Lescop : Parce que c’en est une, quelque part… Je suis quelqu’un de fidèle, en amour comme en amitié. Donc quand je suis déçu, c’est une grosse déception. Il m’a fallu du temps pour terminer cette histoire. J’ai traversé une période de doute, comme une petite traversée du désert.

J’ai pris ce temps, j’ai fait d’autres choses aussi, parce que j’aime bien l’idée d’être protéiforme, de faire du cinéma, un peu de théâtre, d’écrire pour d’autres gens, de monter un autre groupe… La meilleure manière d’empêcher l’aigreur ou le cynisme de s’installer en moi, cela a été de diversifier les projets, les médiums, les façon de m’exprimer.

… jusqu’à revenir aux sources, en tant que Lescop.

Oui. C’est mon avatar, mon alter-égo, ma principale façon de m’exprimer, la colonne vertébrale de mon parcours d’artiste. Tout s’articule autour de ça. Rêve parti est un disque très personnel, sans doute mon disque le plus personnel.

Photos : Mathieu Tessier.

L’un de vos nouveaux collaborateurs, Thibaut Frisoni, est aussi l’un des grands artisans des disques de Bertrand Belin. Est-ce qu’il vous a inspiré pour ce disque ?

Lescop : Bertrand et moi avons en commun d’être parfois dur à saisir. On fait partie d’une catégorie d’artistes qui parlent un peu par énigmes. Savoir que Thibaut était rompu à l’exercice était forcément un gage de qualité ! (rires) Parce que c’est important pour moi. J’ai toujours pensé que le rôle d’un artiste était davantage de poser les bonnes questions que d’apporter les réponses. Et qu’une énigme vaut parfois mieux que la résolution de l’énigme.
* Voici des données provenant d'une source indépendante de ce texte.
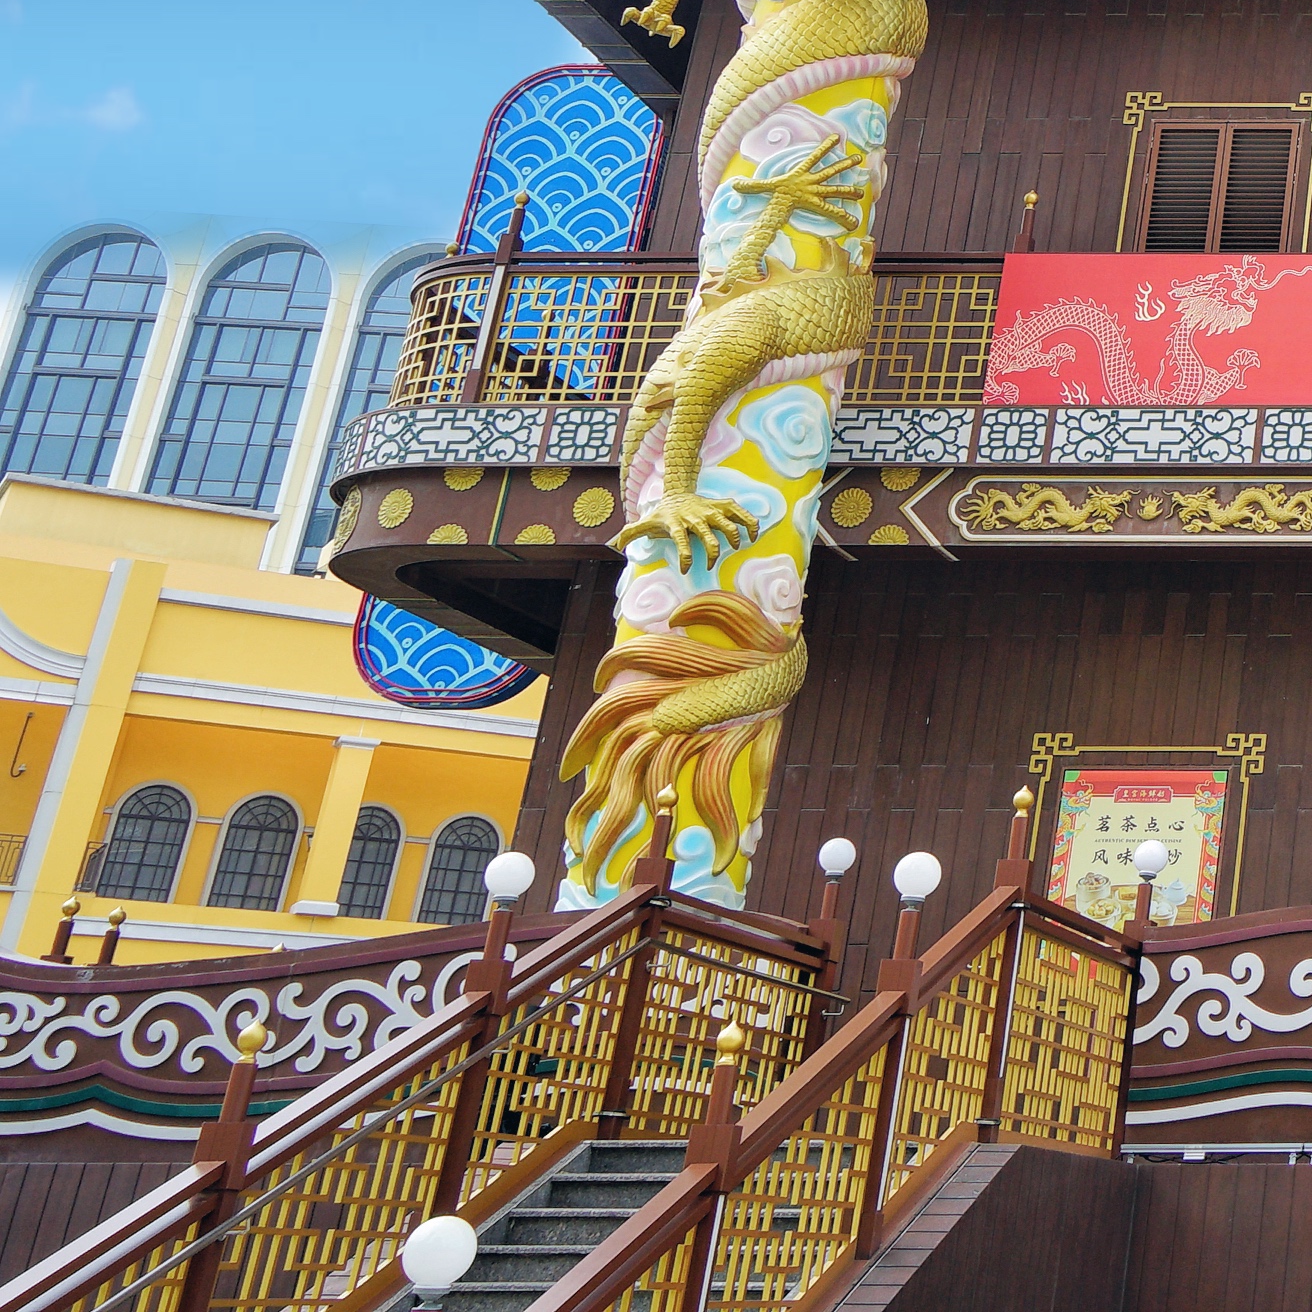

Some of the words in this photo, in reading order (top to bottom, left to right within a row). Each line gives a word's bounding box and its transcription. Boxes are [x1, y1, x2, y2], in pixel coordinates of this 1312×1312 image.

[1095, 815, 1186, 833] 茗茶点心
[1091, 848, 1183, 866] 风味炒
L’autre jour, je discutais avec quelqu’un qui est soufi qui me disait : « dans une équation mathématique, il y a toujours au moins une inconnue et pour la résoudre, il faut arriver à l’isoler. La foi, c’est l’inverse, c’est quand tu acceptes de faire passer l’inconnue de ton côté de l’équation. » Faire entrer l’inconnue littéralement en soi et ne pas se forcer à résoudre l’équation. Cela m’a beaucoup touché. Dans le travail artistique, pour moi, cette approche est essentielle.

« Tout le monde cherche à affirmer des choses, tout le temps. Pour moi, s’il y a bien un dernier endroit où l’on doit défendre les vertus du doute, c’est dans le travail artistique. »

LESCOP

On parlait tout à l’heure du « doute subi » de la traversée du désert et on arrive à un doute bien plus positif, constructif, créatif…

Lescop : Mais oui ! On dit souvent que la société d’aujourd’hui manque de nuance, mais c’est parce qu’elle manque aussi cruellement de doute. Tout le monde cherche à affirmer des choses, tout le temps. Pour moi, s’il y a bien un dernier endroit où l’on doit défendre les vertus du doute, c’est dans le travail artistique.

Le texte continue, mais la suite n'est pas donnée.